II. Des qualités morales : des personnages symboliques

Tous se sentent investis d’une mission qu’ils se donnent par dévouement pour autrui : Gil Blas libère une jeune femme ; d’Artagnan, plein de « générosité », veut sauvegarder l’honneur des mousquetaires ; Jean Valjean sauve Marius ; Katow allège la panique des deux jeunes gens.

Parmi ces héros, Jean Valjean et Katow ont une stature qui dépasse l’humain, chargée d’une valeur symbolique, ce que suggèrent les termes mélioratifs (« générosité », « inouïe ») et les mots du champ lexical de la spiritualité et de la religion (« sauvé », « âme » deux fois chez Hugo, « déluge », « Dieu », « clarté », « fraternité », « résurrection »). Les images les transfigurent quasiment en saints : Jean Valjean est comparé à une « mère » qui sauve son « enfant » du déluge ; l’ampoule de cyanure est « le plus grand don qu[e Katow] eût jamais fait » ; le terme « résurrection », précédé de l’interjection propre à la prière « ô », fait de lui une figure christique.
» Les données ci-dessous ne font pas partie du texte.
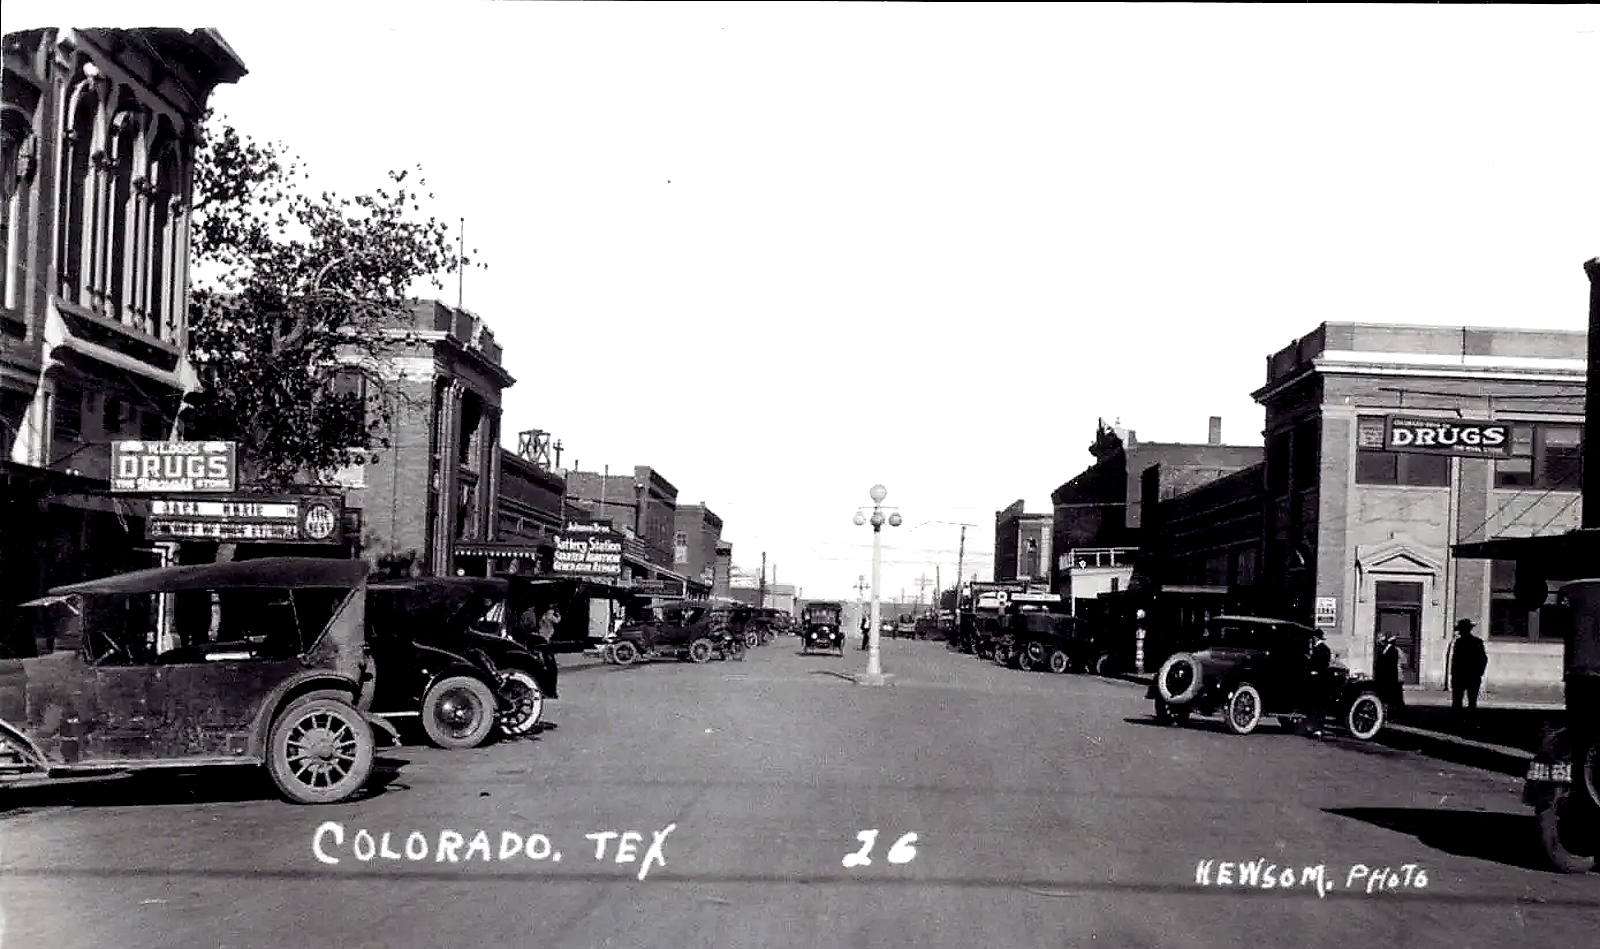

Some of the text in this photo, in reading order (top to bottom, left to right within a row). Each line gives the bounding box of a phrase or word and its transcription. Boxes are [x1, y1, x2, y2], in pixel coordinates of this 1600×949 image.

III. Les ressources du roman pour mettre en valeur les personnages principaux

C’est non seulement leur comportement qui met en valeur ces personnages, mais aussi les réactions qu’ils suscitent chez les autres personnages (compassion et aveuglement des ennemis de Gil Blas, admiration des mousquetaires pour d’Artagnan, étreinte des mains chez Malraux). Les paroles de Gil Blas qui s’exhorte lui-même, parle à Léonarde ou à la « dame », les phrases déterminées de d’Artagnan révèlent aussi leur stature de héros.

Remarque

Un personnage de roman se dessine par son physique, son comportement, ses paroles, ses rapports avec les autres personnages, ce qu’en disent les autres personnages ou encore par les interventions du narrateur.

Parfois, le narrateur intervient et juge : Gil Blas, personnage-narrateur, s’autoanalyse rétrospectivement (le récit est au passé : « je jouai si bien mon rôle ») ; dans Les Trois Mousquetaires le narrateur fait la « louange » de d’Artagnan.

Les auteurs du corpus font ainsi de leurs personnages de véritables « héros » de romans.